The government may allow pensioners to withdraw contributions to the NPS with a higher limit.
Retirees must soon contribute their entire lifetime to use their pension fund money to meet their family emergencies or to invest in instruments that provide good returns. Will be allowed to withdraw.
Sources in the government said that the pension regulator, Pension Fund Regulatory and Development Authority (PFRDA) is considering coming up with a better option for customers of the National Pension System (NPS). Under this, they will be able to withdraw all their money at one time if the pension is a corpus of up to 5 lakh rupees.
Currently, there is a limit of 2 lakh rupees, in which an NPS customer can withdraw full money.
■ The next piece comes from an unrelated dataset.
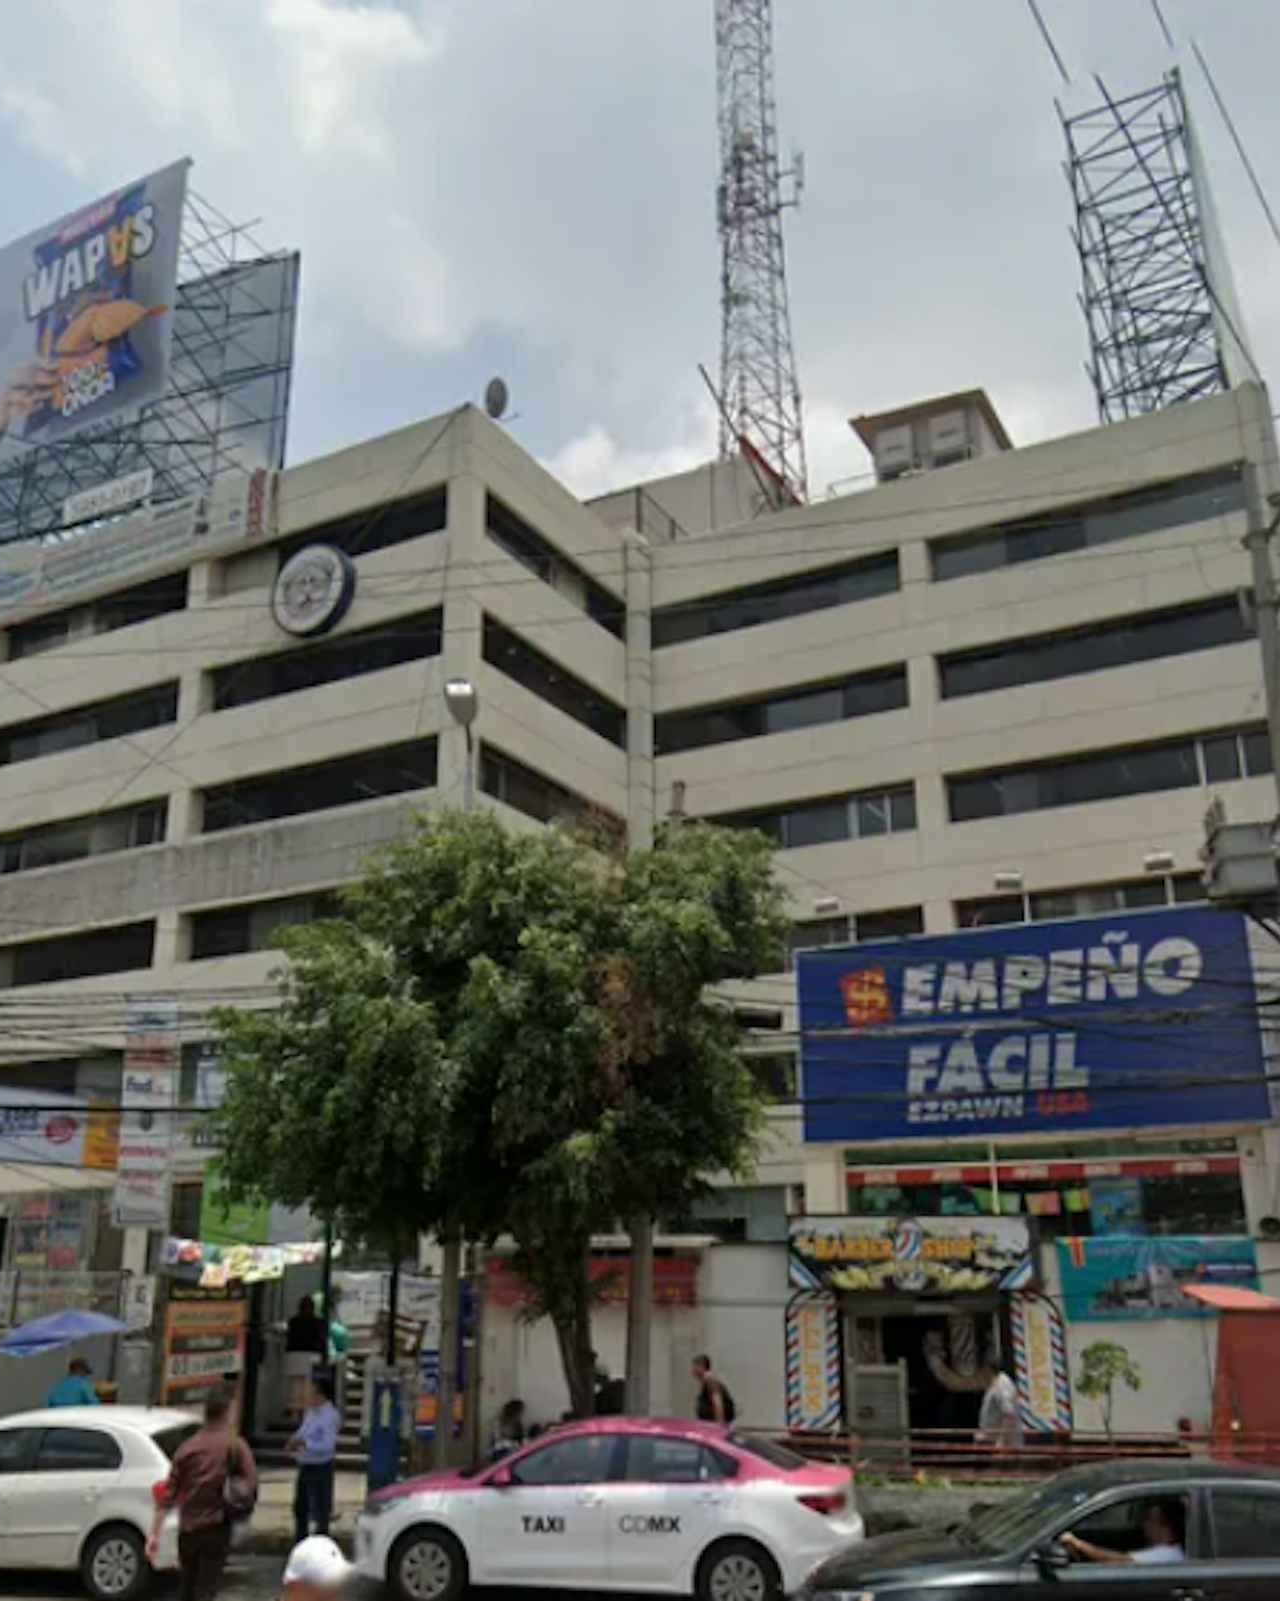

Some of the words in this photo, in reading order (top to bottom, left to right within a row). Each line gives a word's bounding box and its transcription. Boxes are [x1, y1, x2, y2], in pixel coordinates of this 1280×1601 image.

Beyond this limit, currently only 60 percent of the pension amount can be withdrawn, while 40 percent of the contribution is compulsorily placed in an annuity approved by the government.
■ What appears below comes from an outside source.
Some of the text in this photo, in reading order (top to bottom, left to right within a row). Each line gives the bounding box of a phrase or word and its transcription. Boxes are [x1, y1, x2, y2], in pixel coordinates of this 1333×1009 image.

Sources said that the plan is to increase the limit to Rs 5 lakh which will provide better liquidity to the customers of a certain segment.
Also, in a fund of Rs 5 lakh, the regular pension amount would be very insignificant to provide any significant income to the shareholders for life.
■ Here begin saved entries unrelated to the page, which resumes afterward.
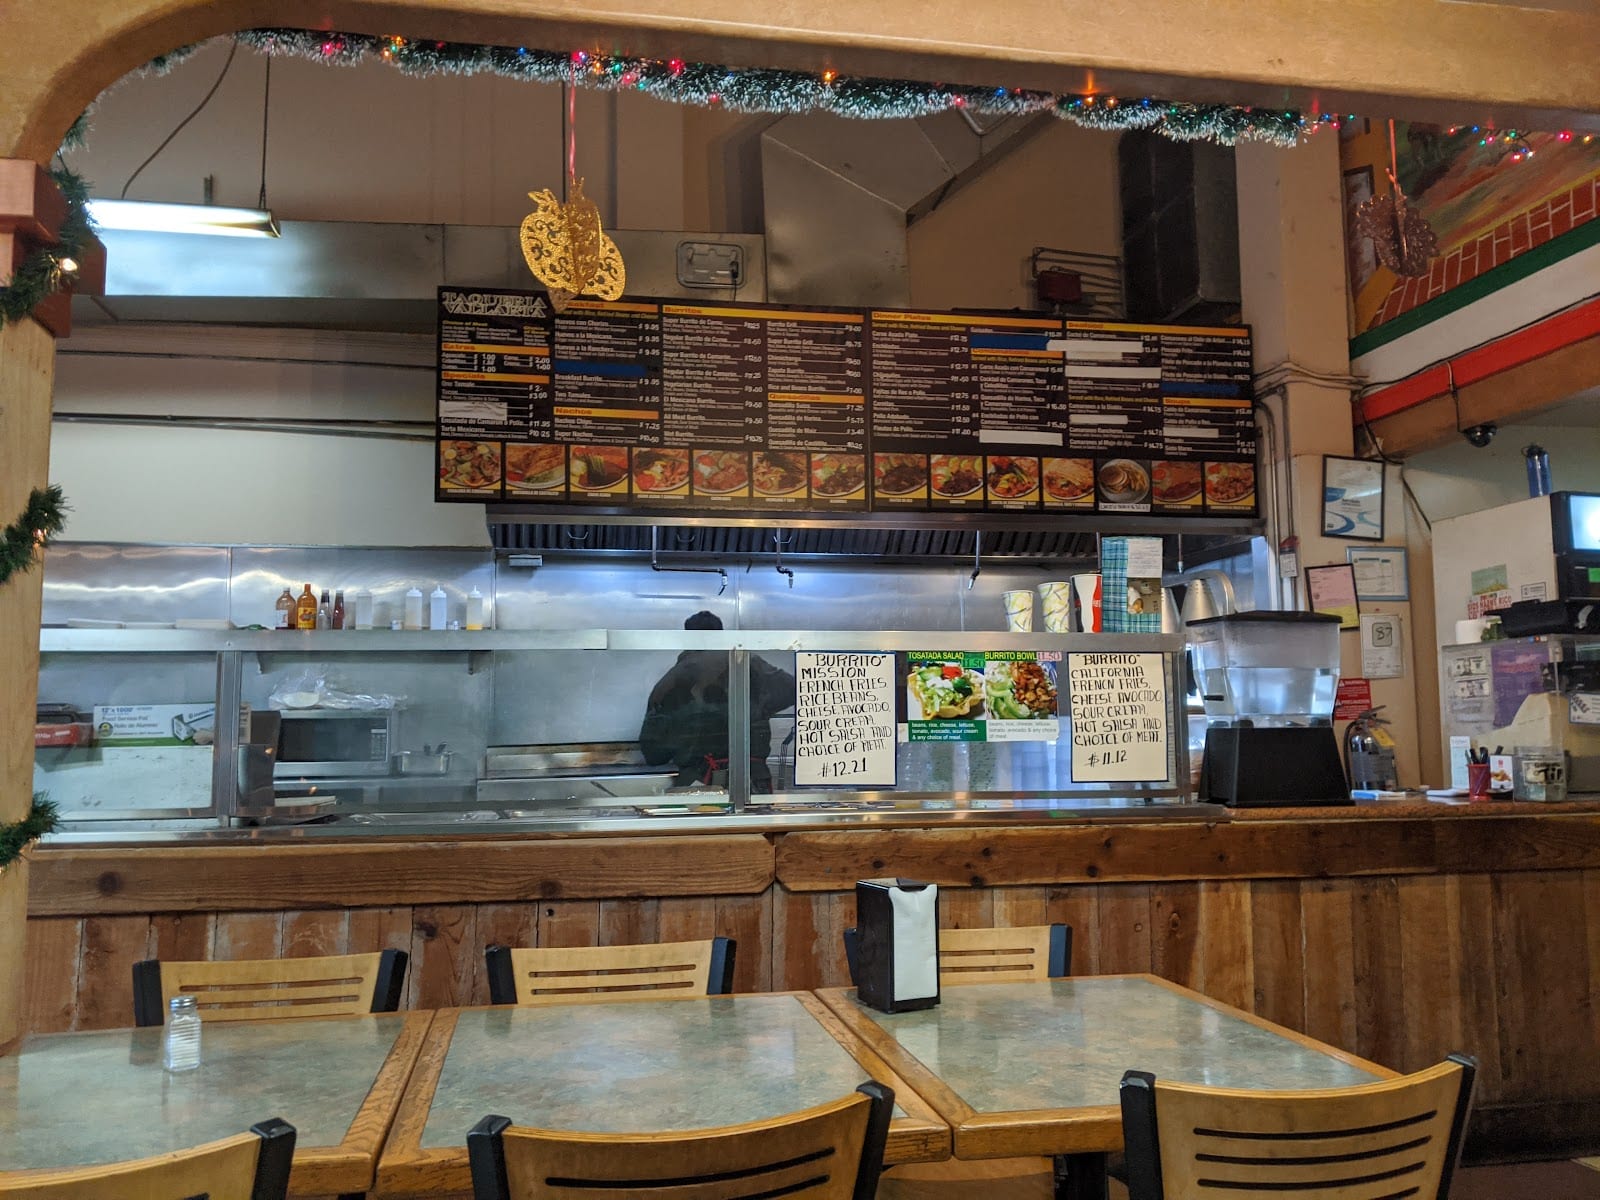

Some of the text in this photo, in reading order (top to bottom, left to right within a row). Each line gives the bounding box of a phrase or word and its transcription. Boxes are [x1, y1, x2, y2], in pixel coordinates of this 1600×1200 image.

[441, 292, 548, 308] TAQUERIA
[441, 302, 547, 318] VALLARTA
[908, 652, 964, 660] TOSATADA SALAD
[985, 652, 1037, 660] BURRITO BOWL
[801, 667, 867, 680] MISSION
[1071, 666, 1145, 679] CALIFORNIA
[800, 679, 844, 693] FRENCH
[800, 693, 828, 707] RICE
[1073, 706, 1105, 720] SOUR
[798, 719, 831, 732] SOUR
[1075, 718, 1162, 733] HOT SALSA AND
[799, 726, 892, 745] HOT SALSA AND
[1074, 734, 1119, 746] CHOICE
[1122, 732, 1133, 744] OF
[798, 743, 841, 757] CHOICE
[844, 742, 857, 753] OF
However, even with the changed withdrawal scheme, PFRDA is expected to provide an option to keep a portion of the pension amount of the customers for investment in annuities or for investment by pension fund managers.
The changes are being considered as a result of an annual average of about 5.5 percent annuity. With inflation and income tax on pension accumulation, the return for annuity to customers falls into negative territory. Will give converted customers broad options to increase returns on their lifetime contribution.